Paired-end Sequencing Data from NCBI SRA

The tutorial is based on Illumina data sets from several isolates of the Cydia pomonella granulovirus (CpGV). The CpGV is one of the most well-studied baculoviruses because many isolates have been sequenced and sequence data sets are available at NCBI Genbank and NCBI SRA. We will use four CpGV isolates to decipher their intra-isolate specific variation and try to draw conclusions about the isolate’s homogeneity or heterogeneity. We will also encounter a mixed isolate (a more or less clean mixture of other previously sequenced CpGV isolates) and learn how to recognize it. In addition, we will learn how to determine the composition of this mixed isolate based on other sequenced CpGV isolates.

Comment: Detailed CpGV Isolate Information

For those who want to delve deeper into the data sets, I have provided a table with links to NCBI SRA and related publications.

Isolate NCBI Genbank NCBI SRA Reference
CpGV-M KM217575 SRR31589148 Wennmann et al. 2020
CpGV-S KM217573 SRR31589147 Wennmann et al. 2020
CpGV-E2 KM217577 SRR31589146 Gueli Alletti et al. 2017
CpGV-V15 No assembly available SRR31679023 Fan et al. 2020

Follow the steps below to download the four Illumina datasets published at NCBI SRA.

Hands On: NCBI SRA Data Download

Run Download and Extract Reads in FASTQ format from NCBI SRA ( Galaxy version 3.1.1+galaxy1) with the following parameters:

  • “Select input type”: SRR accession
  • Accession: SRR31589146, SRR31589147, SRR31589148, SRR31679023
  • Select output format: gzip compressed fastq
  • Click Run Tool
Comment: Take a cup of coffee

Downloading the data from NCBI SRA may take a while. It is a good opportunity to have a cup of coffee or tea.
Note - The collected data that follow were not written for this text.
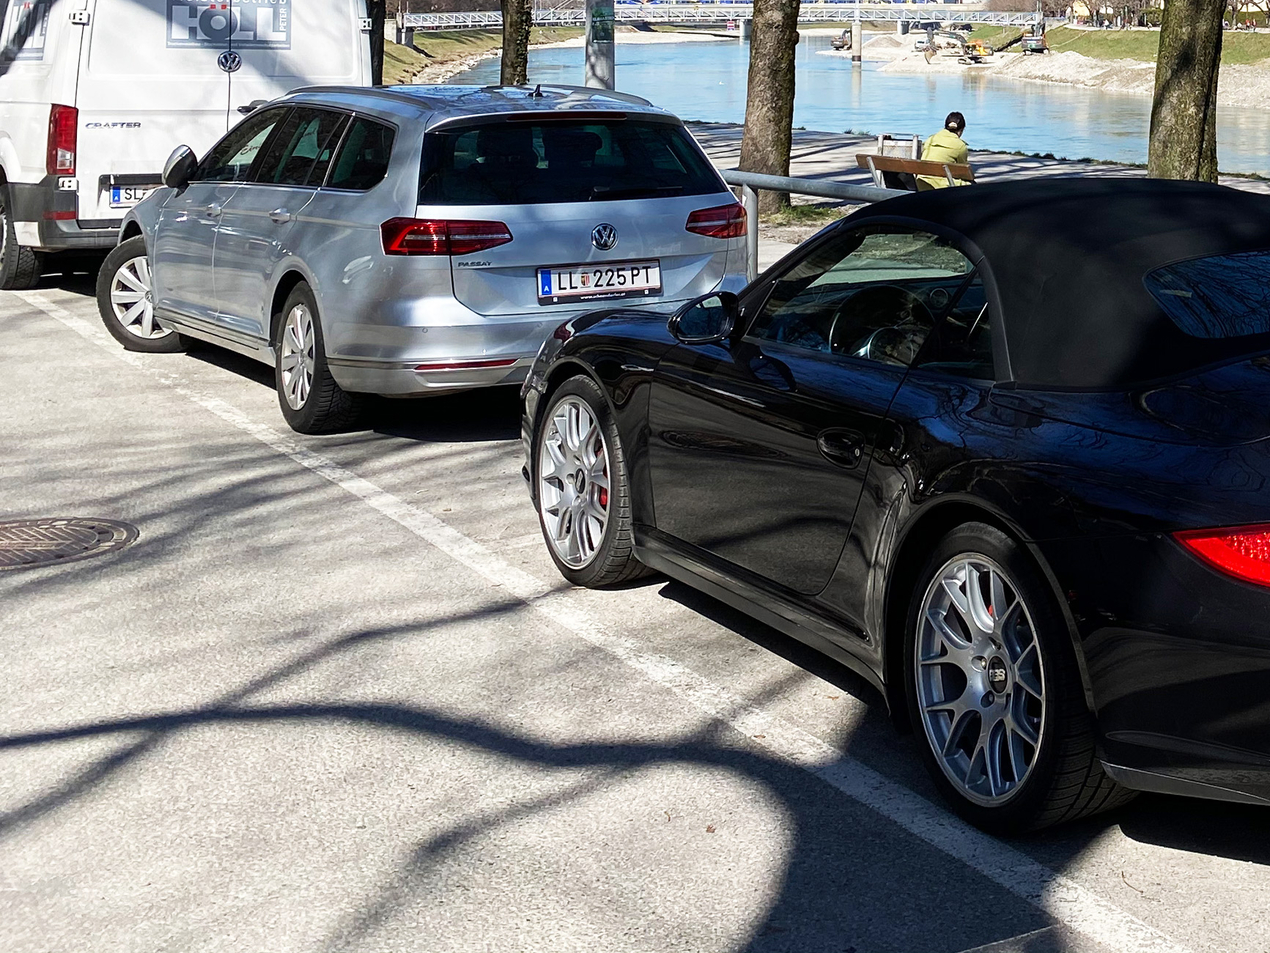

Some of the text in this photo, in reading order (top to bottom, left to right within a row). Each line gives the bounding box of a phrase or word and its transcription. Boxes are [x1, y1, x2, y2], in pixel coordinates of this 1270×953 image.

[171, 4, 287, 41] HÖLL
[279, 8, 287, 31] PETER
[558, 272, 578, 290] LL
[593, 267, 627, 288] 225
[631, 266, 651, 285] PT
Read Preprocessing and Quality Control

After the reference genome and the paired-end Illumina reads are loaded in the history, it is time to start the analysis. First, the reads need to be adapter trimmed and quality filtered.

Before and after trimming, it is usually a good idea to check the quality of the reads using FASTQC. However, we will omit this step here. If you are interested in learning more about read quality, I recommend the check the Galaxy Training Quality Control tutorial.

Hands On: Task description
  1. Trim Galore! ( Galaxy version 0.6.7+galaxy0) with the following parameters:
    • “Is this library paired- or single-end?”: Paired Collection
      • param-collection “Select a paired collection”: Paired-end data (fastq-dump) (output of Download and Extract Reads in FASTQ format from NCBI SRA tool)
    • “Advanced settings”: Full parameter list
      • “Trim low-quality ends from reads in addition to adapter removal (Enter phred quality score threshold)”: 30
      • “Discard reads that became shorter than length N”: 50
      • “specify if you would like to retain unpaired reads”: Do not output unpaired reads
    • “RRBS specific settings”: Use defaults (no RRBS)
    • “Trimming settings”: Use defaults
    • Click Run Tool

Mapping of Reads to the Reference Genome

Now the filtered reads of the individual isolates are mapped independently against the CpGV-M reference. The key is that each isolate is mapped separately against the identical reference genome, so that in the end we get a Binary Alignment Mapping (BAM) file for each isolate. After that, everything we do with the sequence data is linked to the common reference.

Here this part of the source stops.